Under food regulations, food businesses are responsible for ensuring that their food is safe, that its quality is what consumers would expect, and that it is not labelled in a false or misleading way. Regulation is designed to help protect consumers from unacceptable risk. Food safety controls, including hygiene controls, address risks from microbiological, chemical, physical, radiological or allergen contamination that could render the food unsafe for human consumption. Food standard controls, which include safety, composition and nutrition standards, cover labelling on allergen content, food composition or the nutritional quality of food.

Food standard interventions are part of the system for ensuring that food meets the requirements of food standards law and are designed to monitor, support and increase food law compliance within a food establishment. Local authorities are charged with maintaining and implementing a food standards interventions programme covering all establishments within their area. 

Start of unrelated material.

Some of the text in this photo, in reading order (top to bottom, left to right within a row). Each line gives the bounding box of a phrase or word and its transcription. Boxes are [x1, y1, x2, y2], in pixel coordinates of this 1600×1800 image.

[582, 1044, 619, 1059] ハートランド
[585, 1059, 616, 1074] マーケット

"The decrease in interventions marks a trend seen over the last few years," said food safety law expert Kevin Bridges of Pinsent Masons, the law firm behind Out-Law. "A review in 2018 provided evidence that significant and radical change is needed to address some of the failings in the current delivery model for food standards. The review noted in particular a general lack of resource in terms of food standards enforcement capability, with considerable variation in levels of resource available and differences in approach and delivery. Modernisation and standardisation are required, using technology to bridge gaps in resourcing and ensuring consistency of delivery."

"A pilot study to help establish a new delivery framework for local authorities was due to start in 2020 but was postponed until 2021 due to the impact of Covid-19. It will be interesting to see how this new framework impacts on statistics for future years, but given the high profile nature of food standards failings, for example, the horse meat scandal, the regulator will no doubt be hoping to stop the general downward trend in such safety measures, with more interventions to be expected," Bridges said.

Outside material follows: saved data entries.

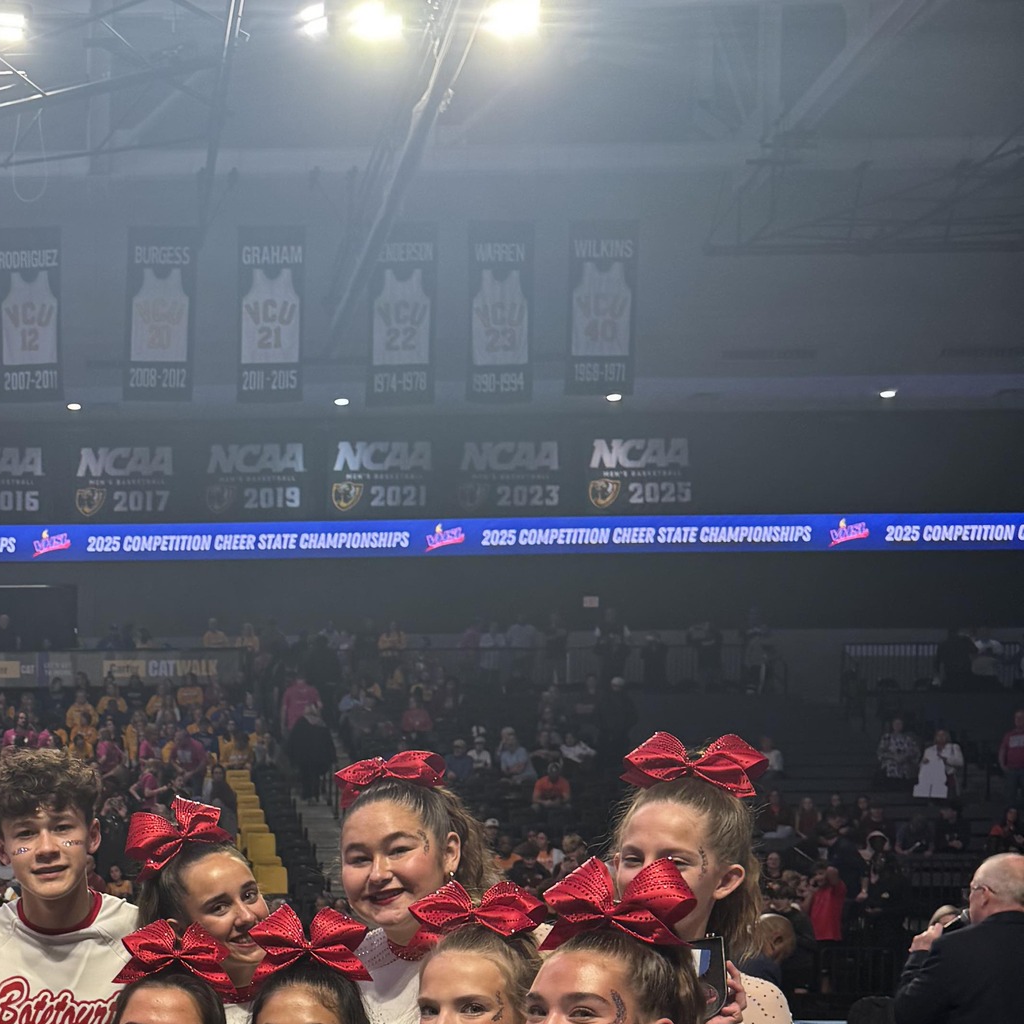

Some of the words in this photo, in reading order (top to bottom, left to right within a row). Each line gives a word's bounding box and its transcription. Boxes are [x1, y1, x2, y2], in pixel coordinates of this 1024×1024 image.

[134, 246, 190, 265] BURGESS
[242, 246, 303, 265] GRAHAM
[475, 243, 525, 262] WARREN
[574, 240, 634, 259] WILKINS
[4, 303, 54, 328] VCU
[244, 300, 297, 326] VCU
[20, 328, 39, 351] 12
[257, 326, 281, 350] 21
[385, 328, 416, 351] 22
[3, 370, 58, 391] 2007-2011
[129, 368, 186, 388] 2008-2012
[242, 370, 298, 391] 2011-2015
[76, 447, 174, 477] NCAA
[206, 443, 305, 473] NCAA
[333, 441, 432, 471] NCAA
[460, 441, 560, 471] NCAA
[589, 438, 690, 469] NCAA
[113, 490, 170, 512] 2017
[244, 487, 301, 508] 2019
[370, 485, 425, 507] 2021
[497, 485, 560, 506] 2023
[628, 481, 692, 504] 2025
[87, 536, 121, 552] 2025
[123, 535, 212, 552] COMPETITION
[214, 533, 254, 550] CHEER
[258, 533, 297, 550] STATE
[299, 531, 410, 550] CHAMPIONSHIPS
[481, 529, 517, 546] 2025
[518, 527, 611, 546] COMPETITION
[612, 526, 655, 545] CHEER
[656, 526, 698, 544] STATE
[699, 525, 812, 543] CHAMPIONSHIPS
[885, 525, 920, 542] 2025
[923, 524, 1017, 542] COMPETITION
[21, 665, 34, 673] CAT
[148, 660, 218, 677] CATWALK
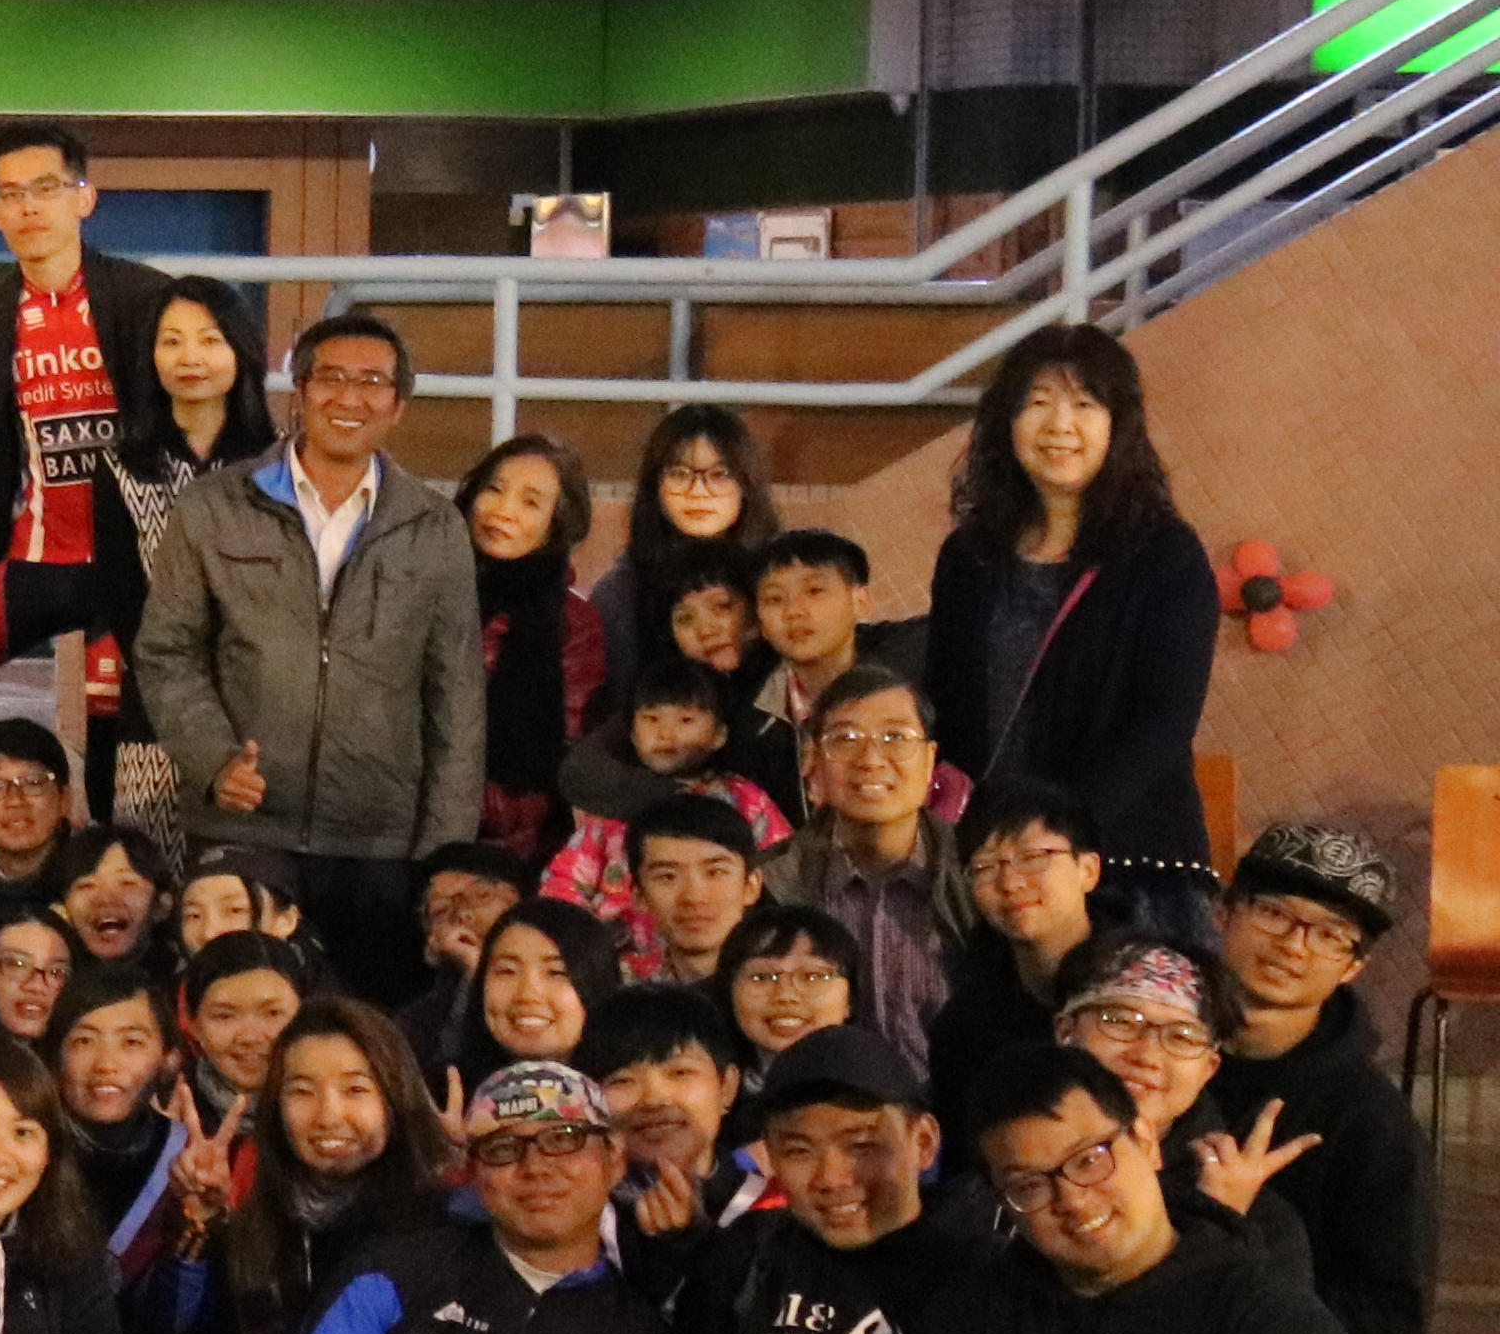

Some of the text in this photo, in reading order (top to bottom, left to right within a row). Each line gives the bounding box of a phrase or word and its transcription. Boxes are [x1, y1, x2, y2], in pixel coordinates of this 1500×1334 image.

[12, 343, 104, 383] Tinko
[16, 380, 115, 407] redit Syste
[40, 419, 114, 447] SAXO
[44, 453, 97, 479] BAN

Food hygiene interventions are also part of the system for ensuring that food meets the requirements of food hygiene law. Figures for food hygiene interventions, also published by the FSA, showed a decline from 86.0% to 85.3% too. 

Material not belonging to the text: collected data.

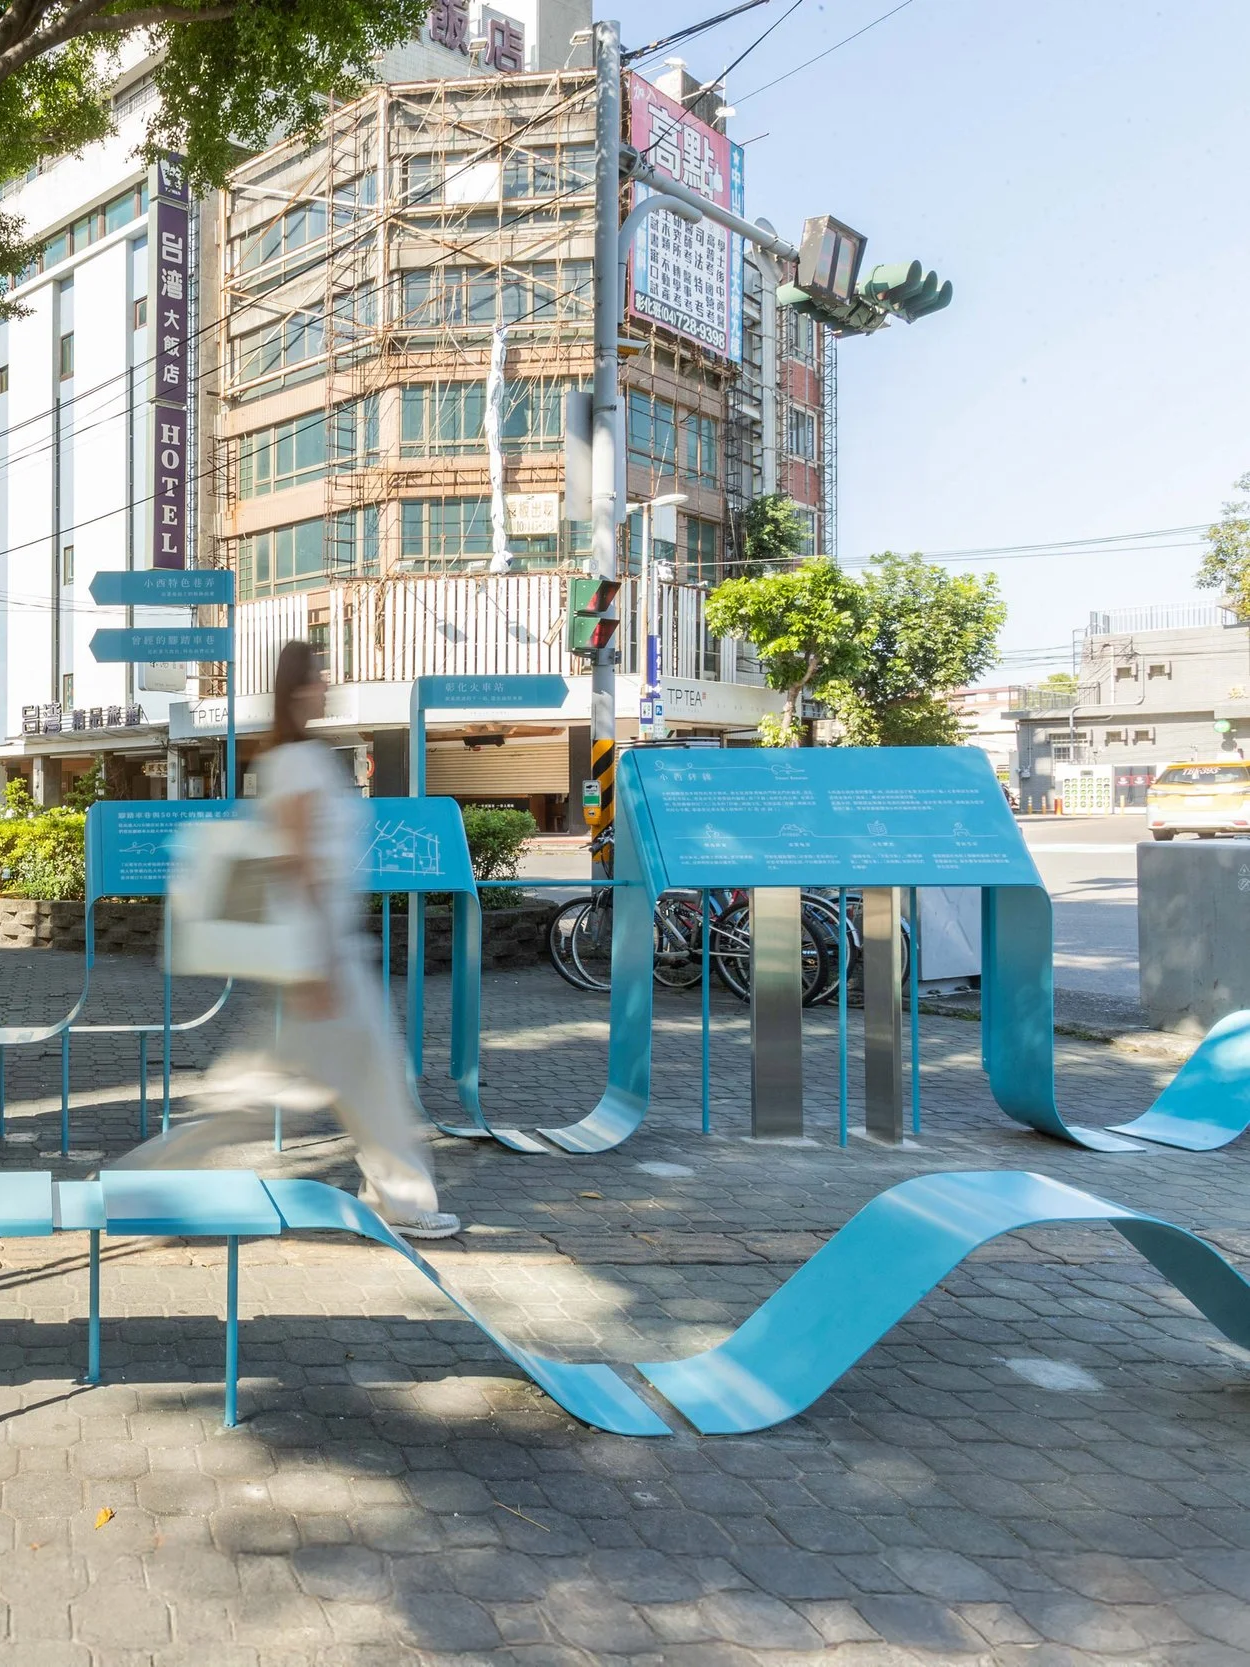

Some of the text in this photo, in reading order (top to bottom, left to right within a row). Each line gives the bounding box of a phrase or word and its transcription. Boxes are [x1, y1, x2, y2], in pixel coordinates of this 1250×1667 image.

[429, 0, 522, 74] 飯店
[648, 102, 715, 201] 高點
[694, 226, 705, 318] 司法特考
[160, 423, 181, 554] HOTEL
[144, 577, 215, 588] 小西特色巷弄
[445, 682, 505, 693] 彰化火車站
[667, 688, 703, 707] TP TEA

Despite the decrease in due interventions, local authorities are investigating an increasing number of food standards and food hygiene complaints, with figures for England revealing a 5.2% increase from 61,191 in 2018/19 to 64,397. Formal enforcement action was taken against a significantly increased (44%) number of establishments in England for food standards failings in 2019/20 than in the previous year.

Those found to be in breach of food law regulations will be sentenced under the Sentencing Council's guideline for corporate manslaughter, health and safety and food safety and food hygiene offences. As with corporate manslaughter and health and safety offences, this follows a stepped approach, including assessing the offence category, looking at levels of culpability and harm, examining the size of the organisation to be sentenced, making adjustments on the basis of proportionality, allowing for discounts for guilty pleas and assistance given and taking account of ancillary orders and the principle of totality.  Fines of up to £3 million can be imposed and for individuals up to two years imprisonment.

"Organisations should not be complacent," Bridges said. "Food safety interventions are likely to increase and the consequences of being found guilty of failings can be profound, not just for the food establishment concerned."